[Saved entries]
◆ ◆ ◆

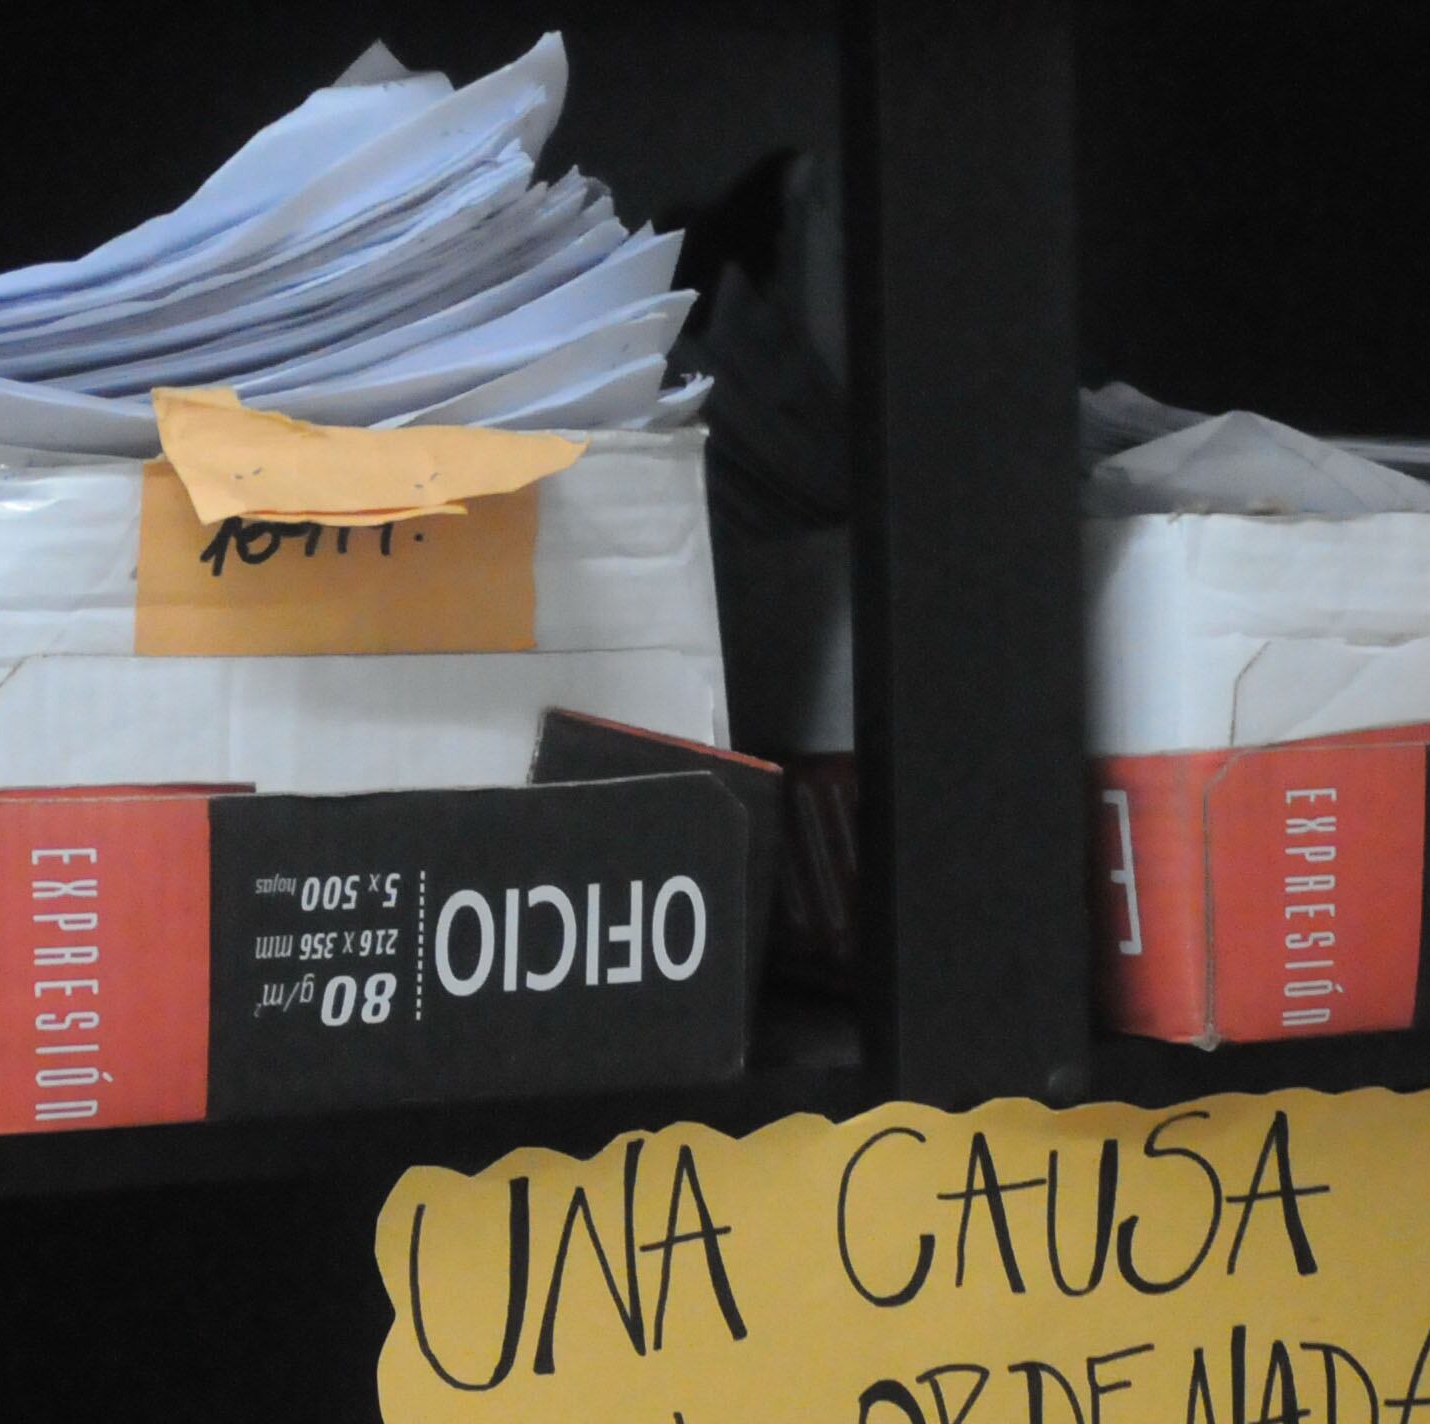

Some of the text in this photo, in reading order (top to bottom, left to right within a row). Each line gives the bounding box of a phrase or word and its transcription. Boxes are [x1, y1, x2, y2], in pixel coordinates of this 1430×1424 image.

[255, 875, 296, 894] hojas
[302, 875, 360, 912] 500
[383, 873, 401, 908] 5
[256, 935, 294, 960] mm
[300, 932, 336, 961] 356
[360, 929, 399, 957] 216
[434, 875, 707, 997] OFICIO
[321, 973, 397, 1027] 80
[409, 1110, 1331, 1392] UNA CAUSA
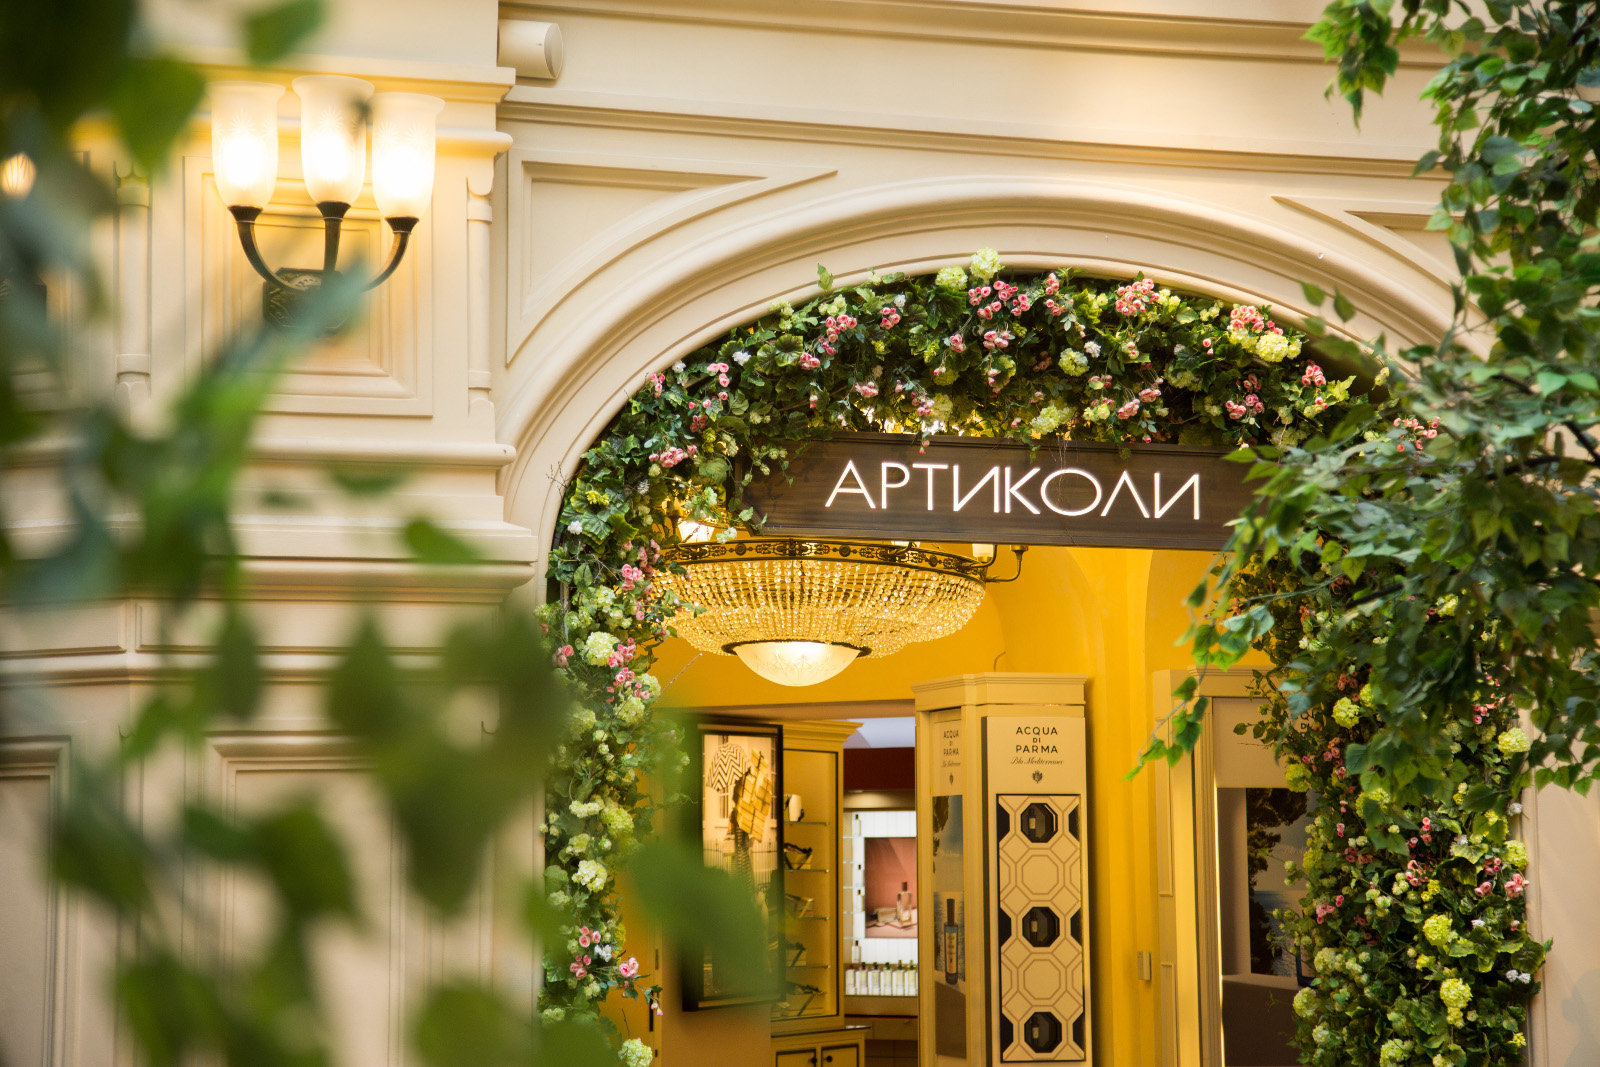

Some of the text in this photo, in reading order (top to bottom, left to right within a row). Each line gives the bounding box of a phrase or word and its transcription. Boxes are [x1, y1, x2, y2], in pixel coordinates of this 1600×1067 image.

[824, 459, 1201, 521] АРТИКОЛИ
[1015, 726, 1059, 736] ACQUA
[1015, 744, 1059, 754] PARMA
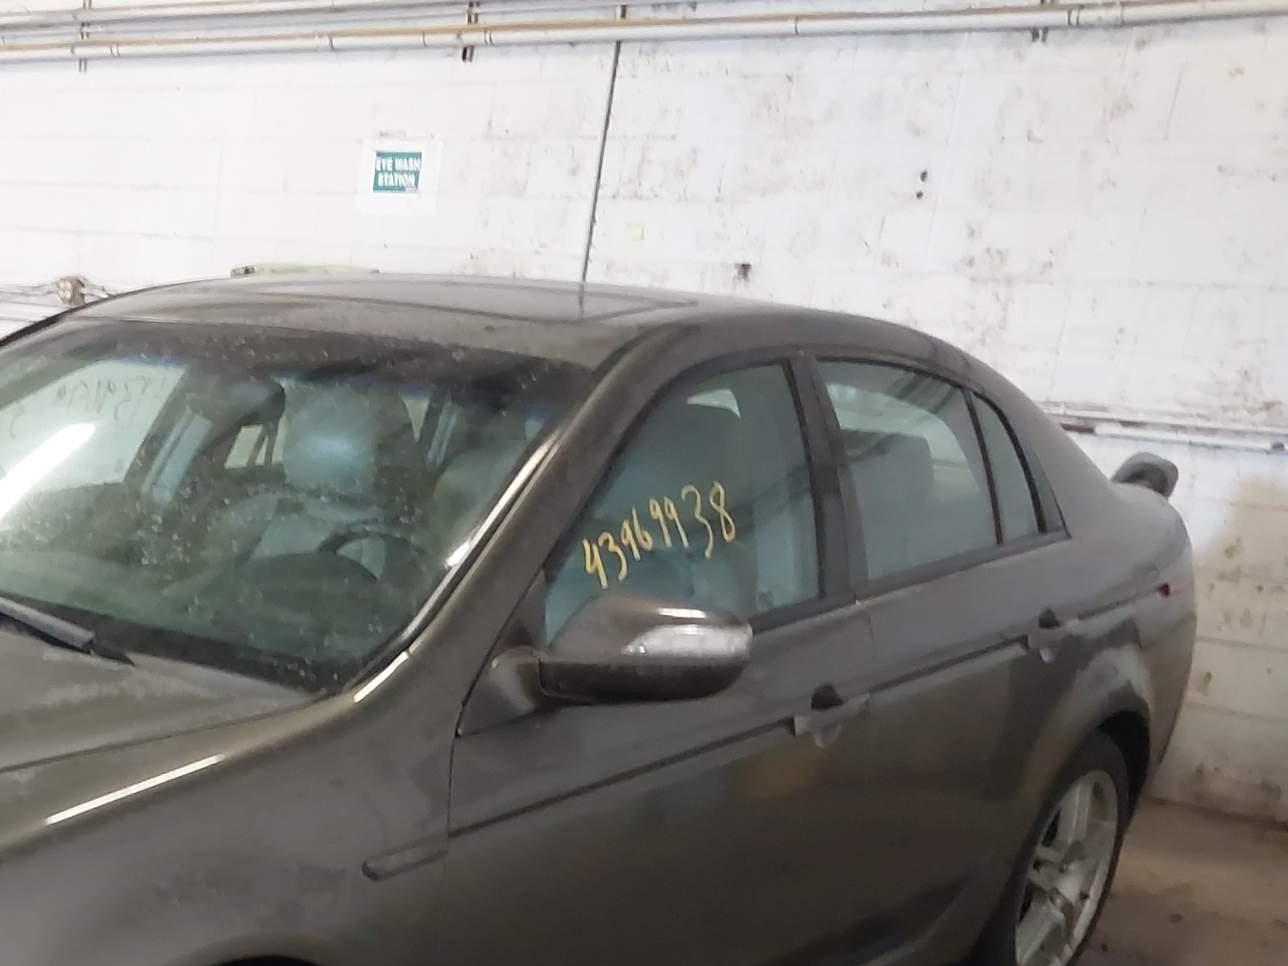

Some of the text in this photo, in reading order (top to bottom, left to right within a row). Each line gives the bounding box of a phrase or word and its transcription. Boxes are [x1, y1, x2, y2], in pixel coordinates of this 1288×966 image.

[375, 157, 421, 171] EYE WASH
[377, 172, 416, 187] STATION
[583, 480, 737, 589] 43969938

◆ ◆ ◆

The data above must be given again in full and unaltered, minus its images.

Some of the text in this photo, in reading order (top to bottom, left to right within a row). Each line gives the bounding box of a phrase or word and its transcription. Boxes are [x1, y1, x2, y2], in pixel coordinates of this 1430×1424 image.

[255, 875, 296, 894] hojas
[302, 875, 360, 912] 500
[383, 873, 401, 908] 5
[256, 935, 294, 960] mm
[300, 932, 336, 961] 356
[360, 929, 399, 957] 216
[434, 875, 707, 997] OFICIO
[321, 973, 397, 1027] 80
[409, 1110, 1331, 1392] UNA CAUSA

Some of the text in this photo, in reading order (top to bottom, left to right within a row). Each line gives the bounding box of a phrase or word and its transcription. Boxes are [x1, y1, x2, y2], in pixel coordinates of this 1600×1067 image.

[824, 459, 1201, 521] АРТИКОЛИ
[1015, 726, 1059, 736] ACQUA
[1015, 744, 1059, 754] PARMA

Some of the text in this photo, in reading order (top to bottom, left to right within a row). Each line gives the bounding box of a phrase or word and its transcription. Boxes are [x1, y1, x2, y2], in pixel coordinates of this 1288×966 image.

[375, 157, 421, 171] EYE WASH
[377, 172, 416, 187] STATION
[583, 480, 737, 589] 43969938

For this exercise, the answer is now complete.